Даже для себя самой я стала легендой. Страшной сказкой.
- Я все-таки думаю, Либитина - это мужчина, - заявляет один охотник, опять приглашая спутников поспорить. Те немедленно отзываются:
- Чушь! Либитина - женщина! Эта загадочность, эти игры, полное отсутствие логики в поступках!
- Женские эмоции, - подсказывает кто-то. - Обиженная владыкой вампиров когда-то, сейчас она мстит ему.
- И как она ему мстит? Убегая от нас? - вступает первый, не желая сдавать позиций. - Неужели вы не видите: вампирша, мстящая обидчику-владыке, - это только маска. А свои истинные цели она.. он...
- Оно, - громко подсказывает кто-то. Звенит девичий смешок.
- Оно... это существо прячет свои истинные цели. И сейчас оно не в страхе бежит от нас, а заманивает!
Скоро отряд встает. Серая гряда гор впереди распахивает пасти штолен. Эти черные дыры сверкают даже за плотным покрывалом ледяного дождя. Глазами десятков маленьких марионеток-зверьков предгорья я вглядываюсь в лица смертных.

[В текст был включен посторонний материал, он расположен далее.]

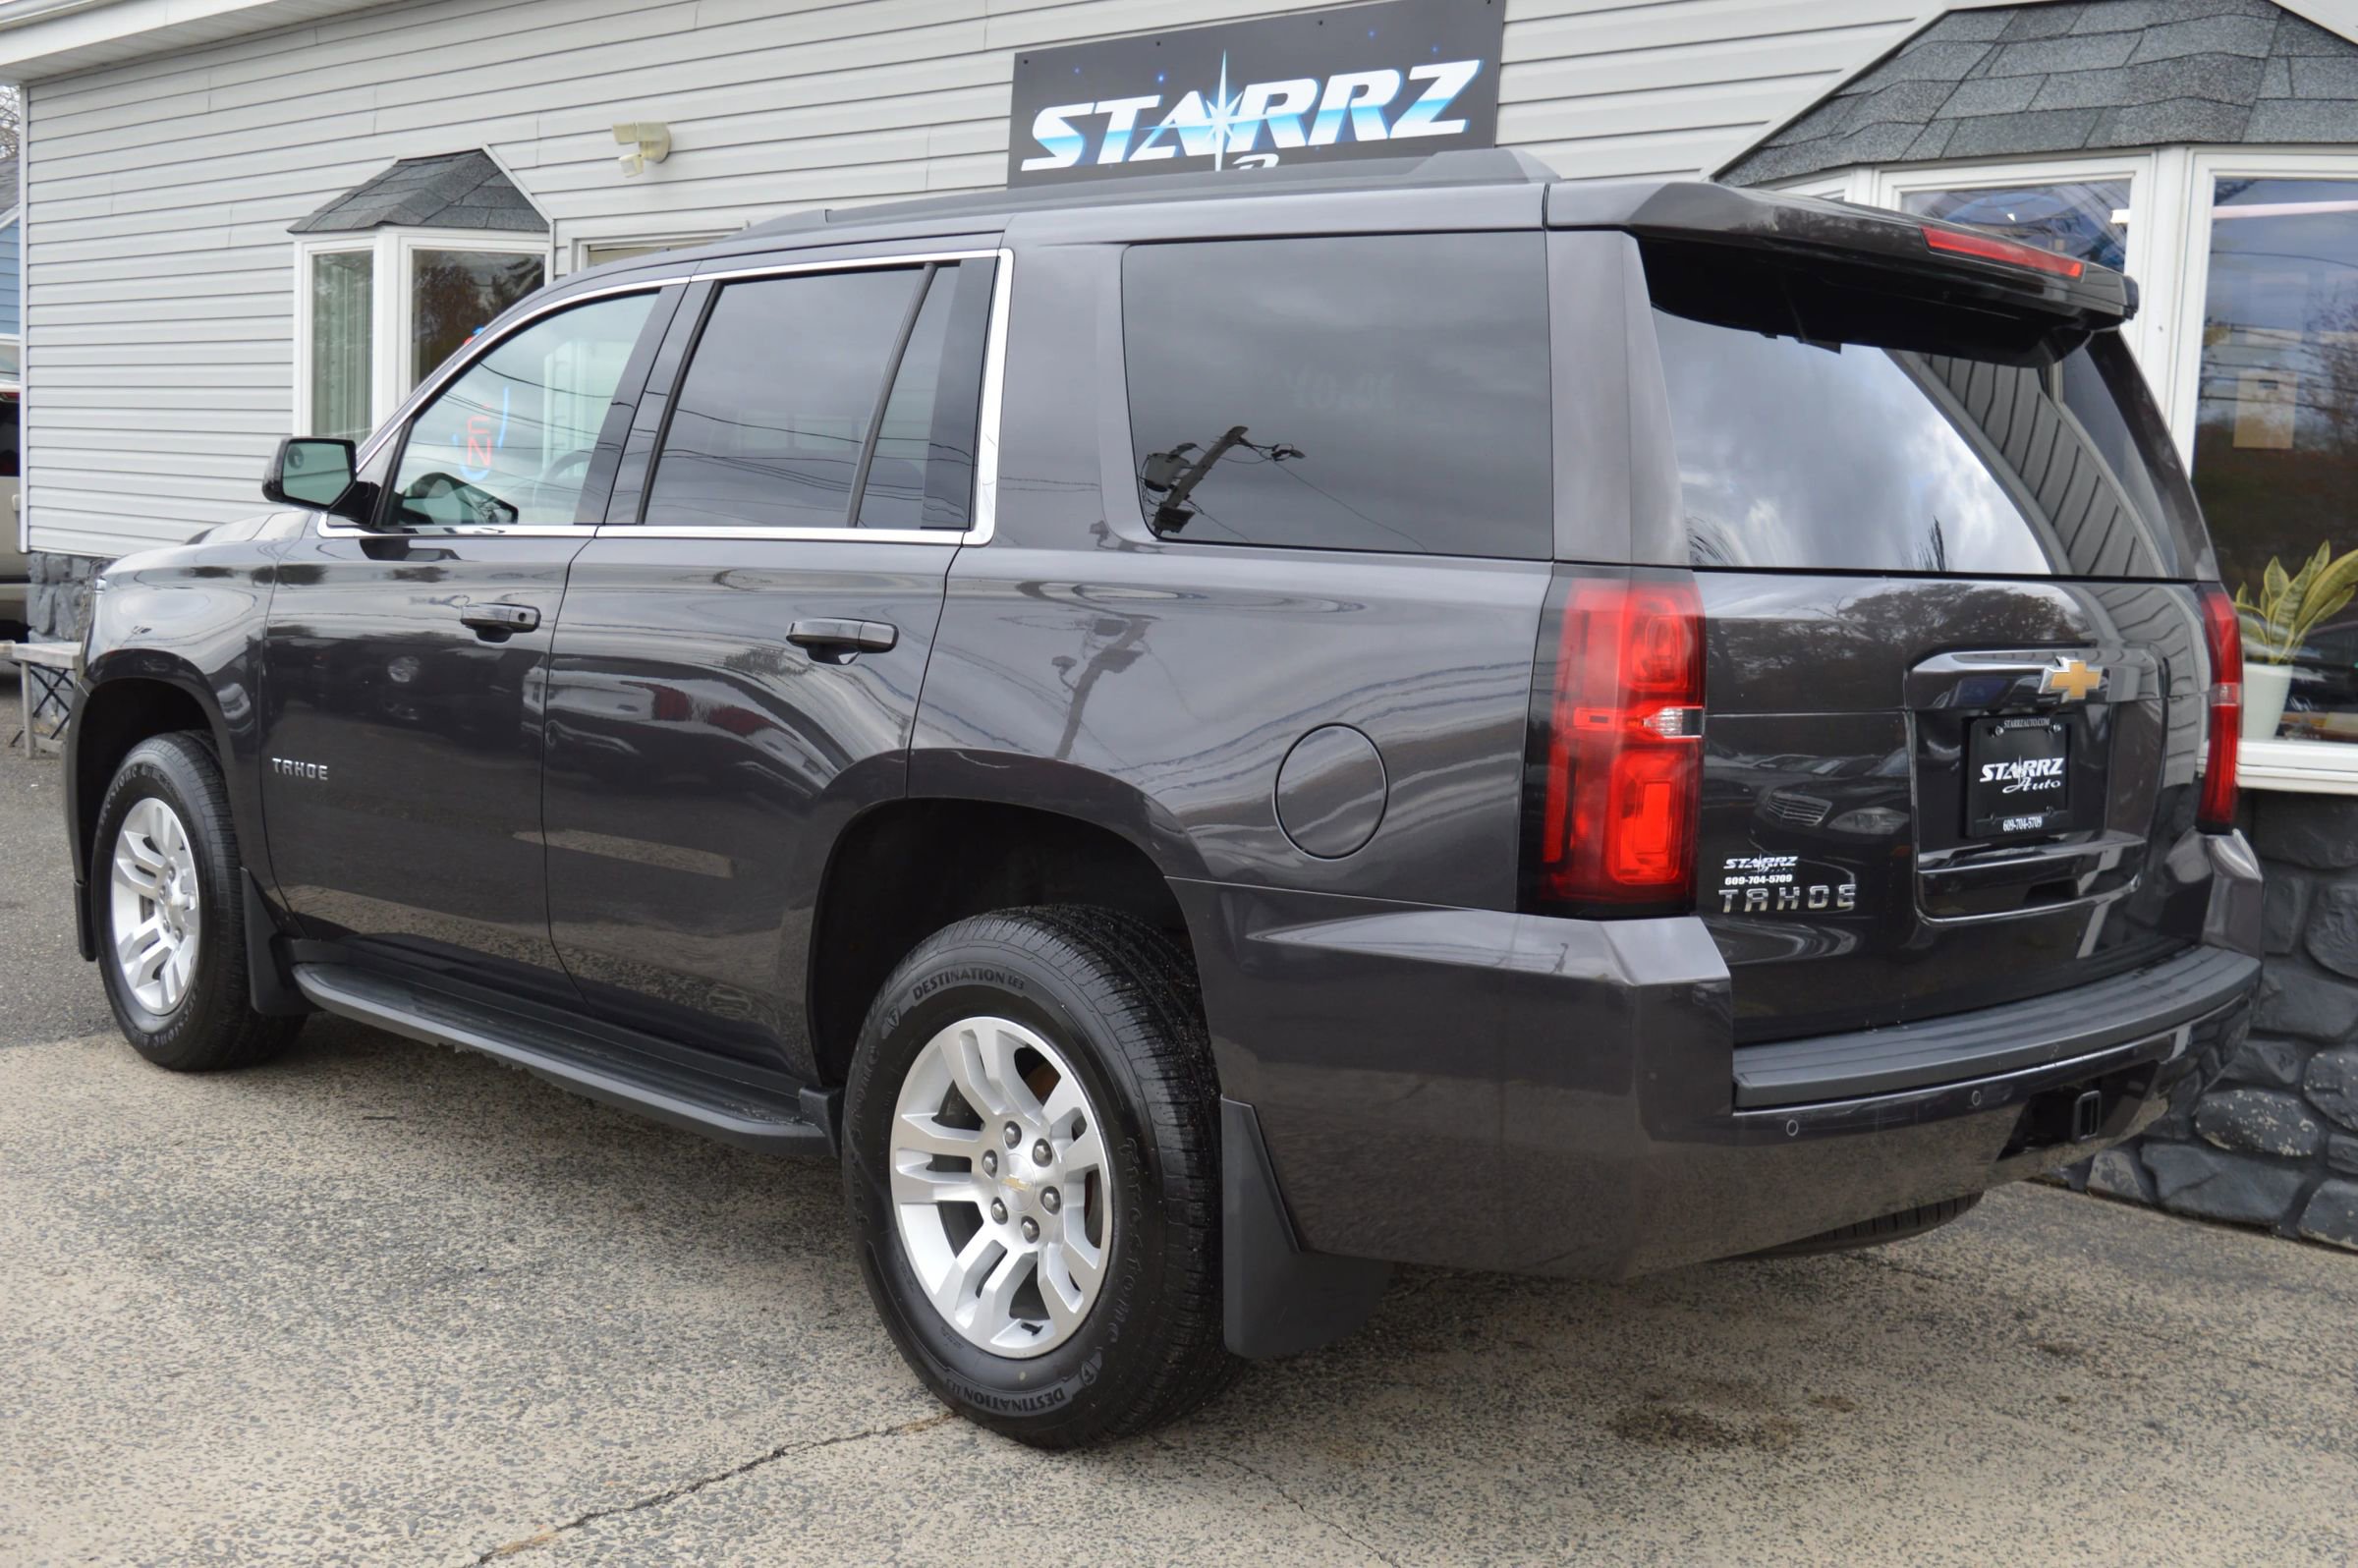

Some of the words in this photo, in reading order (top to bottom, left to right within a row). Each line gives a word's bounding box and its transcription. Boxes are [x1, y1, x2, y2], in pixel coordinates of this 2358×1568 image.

[1020, 57, 1485, 172] STARRZ
[272, 757, 329, 781] TAHOE
[1979, 756, 2064, 783] STARRZ
[2001, 776, 2061, 794] Auto
[2002, 815, 2043, 832] 609-704-5709
[1722, 855, 1799, 870] STARRZ
[1724, 873, 1793, 886] 609-704-5709
[1717, 883, 1857, 914] TAHOE
[913, 967, 1005, 1001] DESTINATION
[963, 1386, 1066, 1412] DESTINATION

Они устали от сырости, холода, от неумолчного грохота дождя, но полны решимости завершить поход поскорее, приложив все силы.

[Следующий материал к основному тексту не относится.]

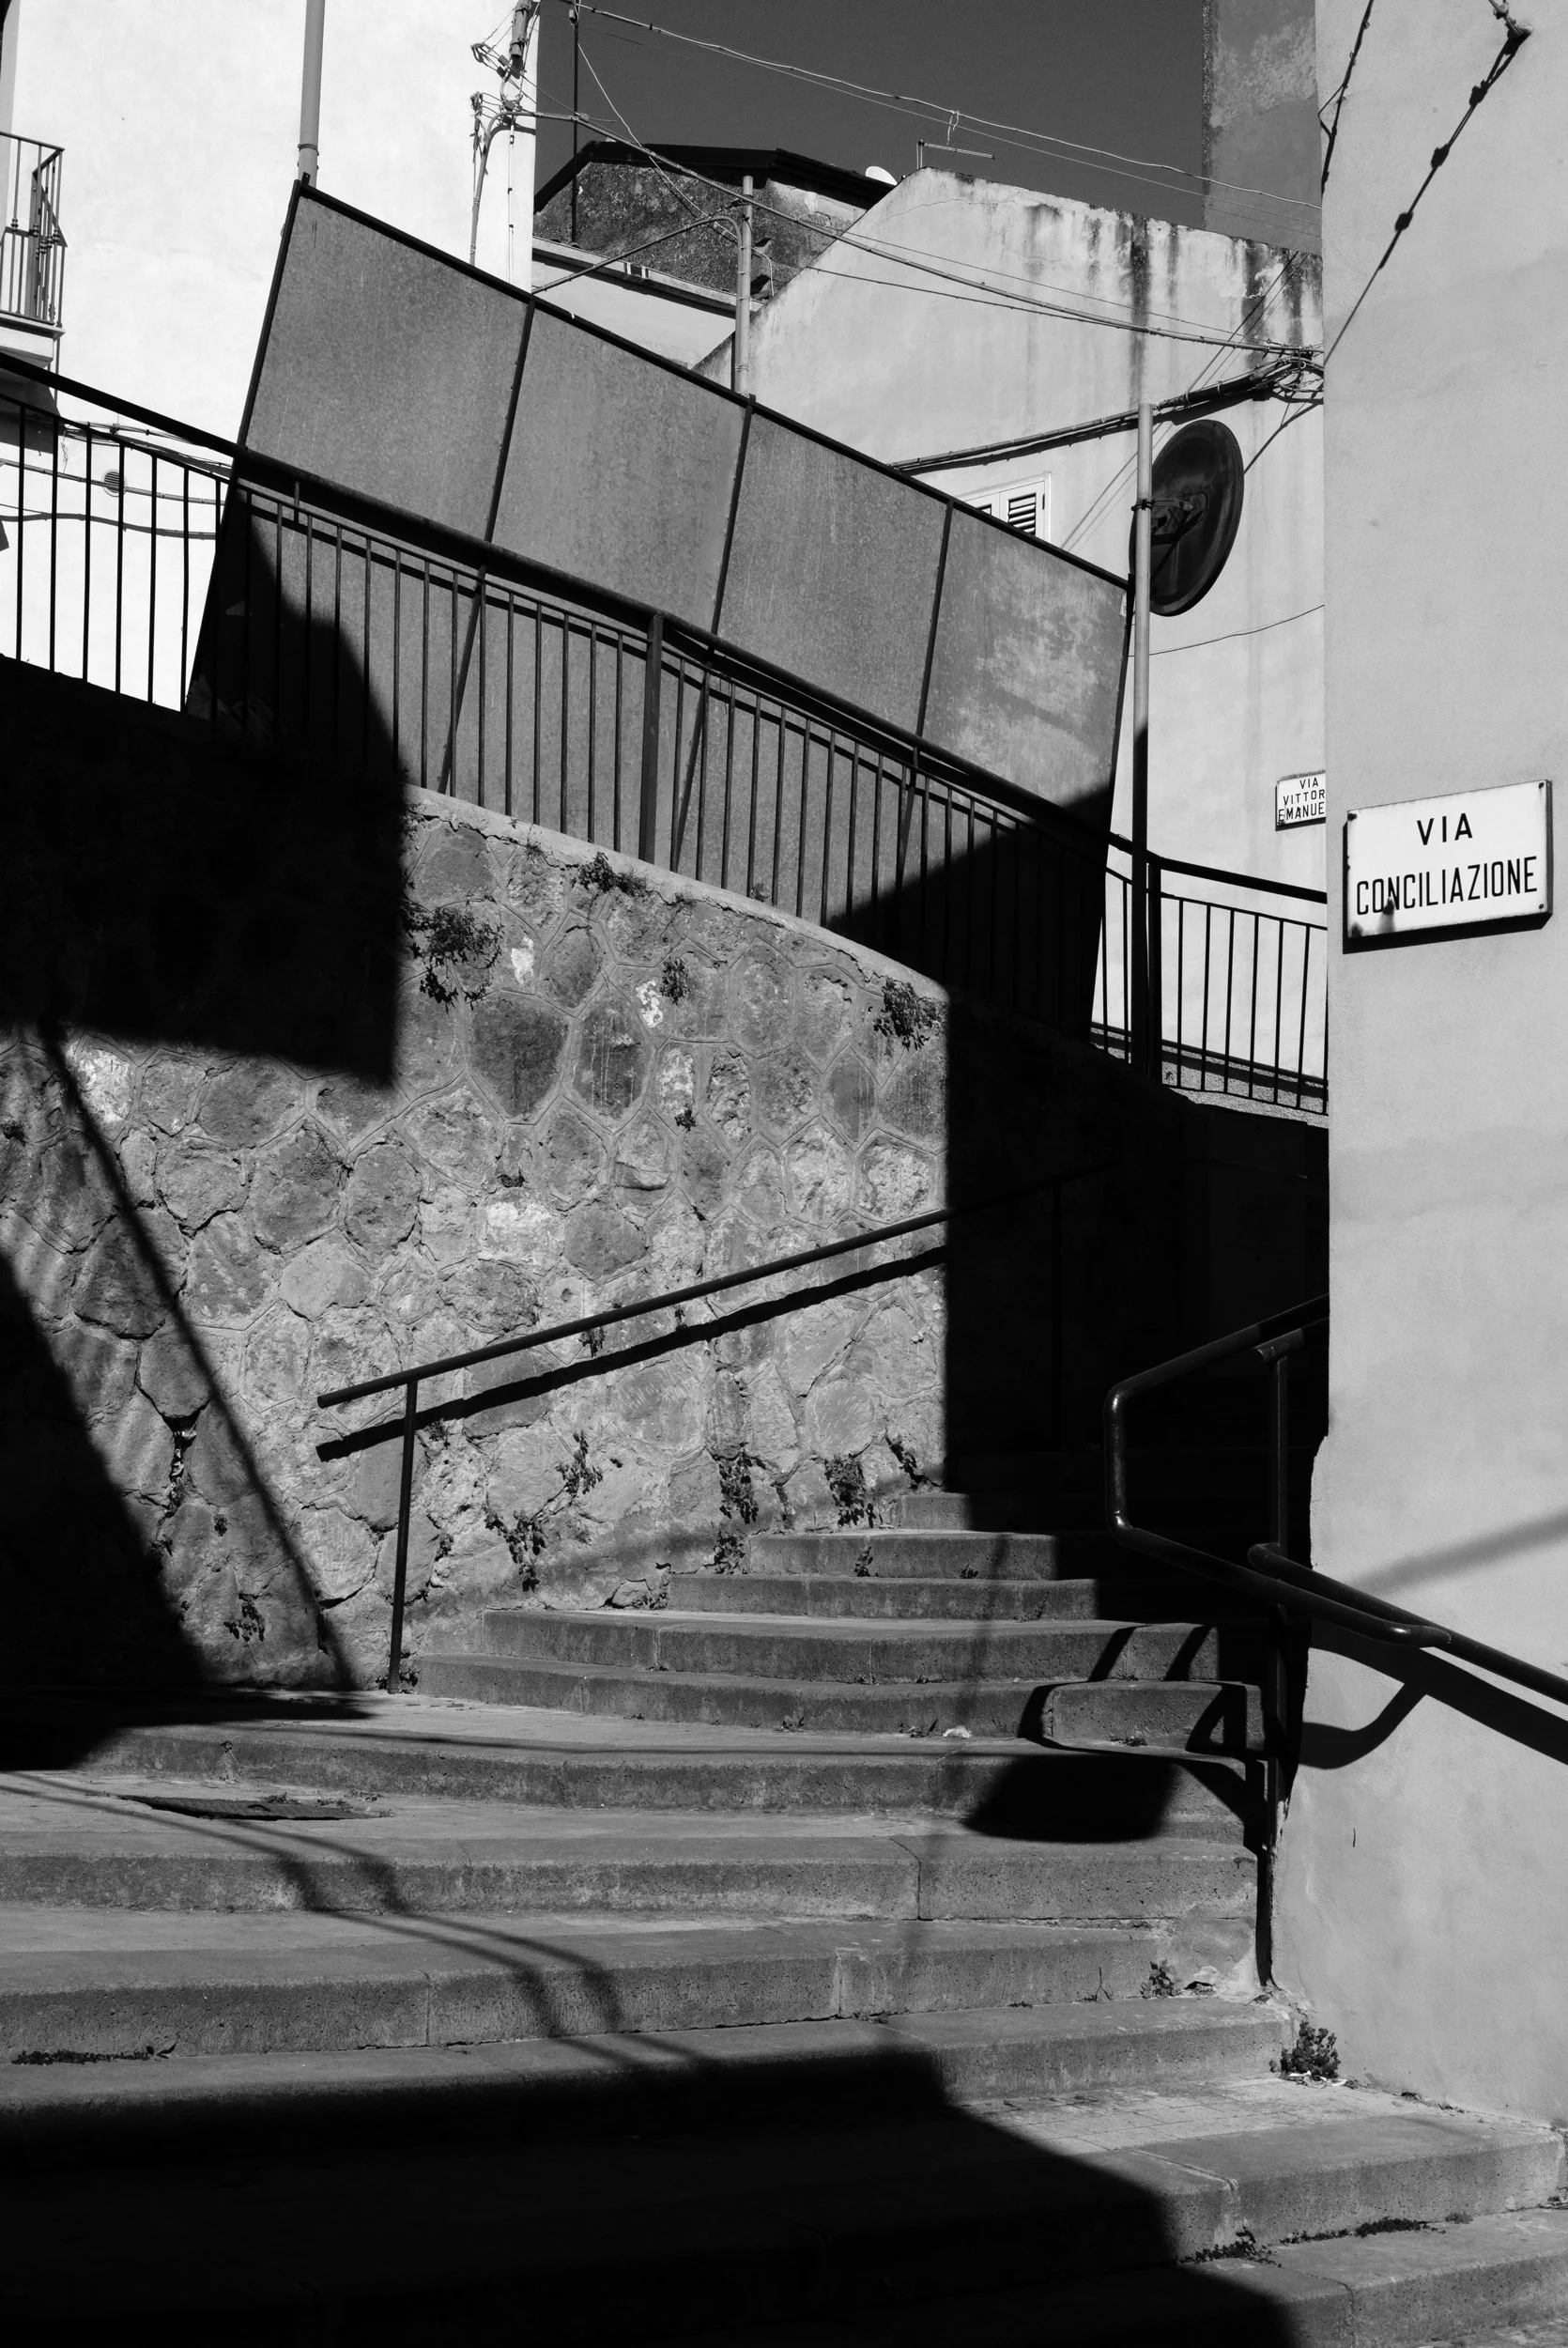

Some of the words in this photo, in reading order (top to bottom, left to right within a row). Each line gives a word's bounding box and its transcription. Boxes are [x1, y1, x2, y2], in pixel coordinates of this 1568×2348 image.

Я ждала, что охотники будут продвигаться вперед днем, когда мои марионетки прячутся в густой тени чащобы и под землей. Но они выбрали ночь для сражений за куски моего края - моего огромного тела, а днем отдыхают на завоеванной территории, давая время для отдыха и мне. Они совсем не боятся ночи. Иногда кажется, их предводитель выбрал для битвы ночь из вежливости, чтобы дать мне возможность показать силу своих клыков и когтей. И чтобы я воочию увидела, как даже в зените силы слаба моя черная тень против их света.
Но пока они разворачивают большой шатер и собирают военный совет.
- Шахта - вероятное логово Либитины, - сообщает предводитель отряда. - Нижние этажи затоплены, но верхний этаж штреков по-прежнему проходим, - он отмечает на карте на столе уровень воды в шахте и обозначает предполагаемый путь отряда. Кукловод, с большой долей вероятности, прячется либо здесь... либо здесь, - он крестиками отмечает на карте шахты два слепых недорубленных горизонтальных тоннеля. - Итак, друзья... Мы близки к цели нашего похода. Следует быть готовыми к тому, что кампания может завершиться уже завтра утром.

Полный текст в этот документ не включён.